For a mountain top as well as a valley, we have a positive $G>0$, because both principle curvatures are either upwards or downwards. The same is the case for a sphere (rightmost figure below). A saddle point, on the other hand, will have negative $G<0$ (leftmost figure). And a flat surface as well as a surface which is 'flat' in one dimension, such as a cylinder (middle figure), will have $G=0$.

enter image description hereImage from Wikipedia

My question is regarding a specific claim from the article on Gaussian curvatures on Wikipedia ("Relation to geometries" headline, middle sentence):

When a surface has a constant zero Gaussian curvature, then it is a developable surface and the geometry of the surface is Euclidean geometry.

When a surface has a constant positive Gaussian curvature, then it is a sphere and the geometry of the surface is spherical geometry.

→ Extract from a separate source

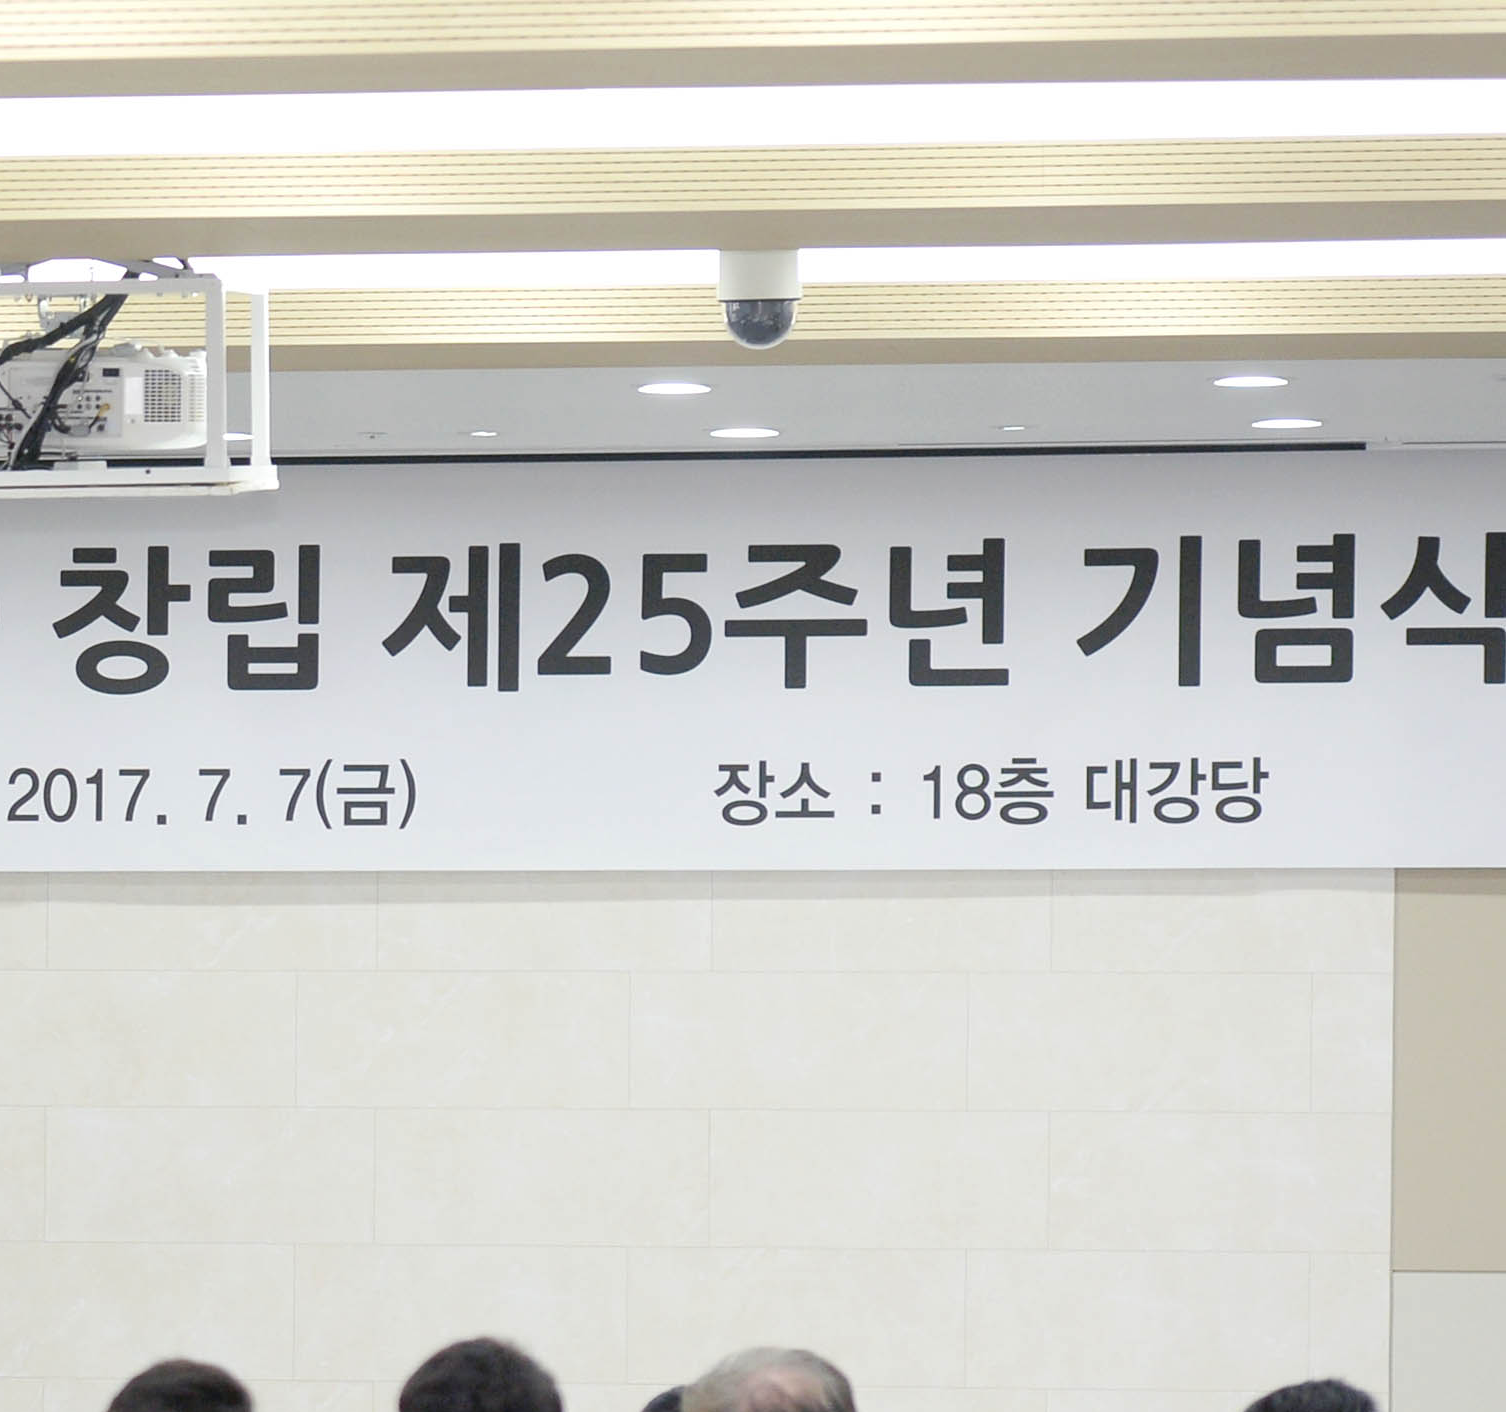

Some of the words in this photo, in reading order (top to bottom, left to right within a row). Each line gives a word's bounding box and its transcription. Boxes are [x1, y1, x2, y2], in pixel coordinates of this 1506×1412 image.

When a surface has a constant negative Gaussian curvature, then it is a pseudospherical surface and the geometry of the surface is hyperbolic geometry.

These three sentences seemingly cover all types of surfaces. But the middle sentence (I have emphasized it) tells that for a positive $G>0$, the curvature is a sphere. How can that be true? Don't many mountain top surfaces have a positive $G>0$ all the way down from the top to forever? Such as the function $f=x^2+y^2$ (graph below)?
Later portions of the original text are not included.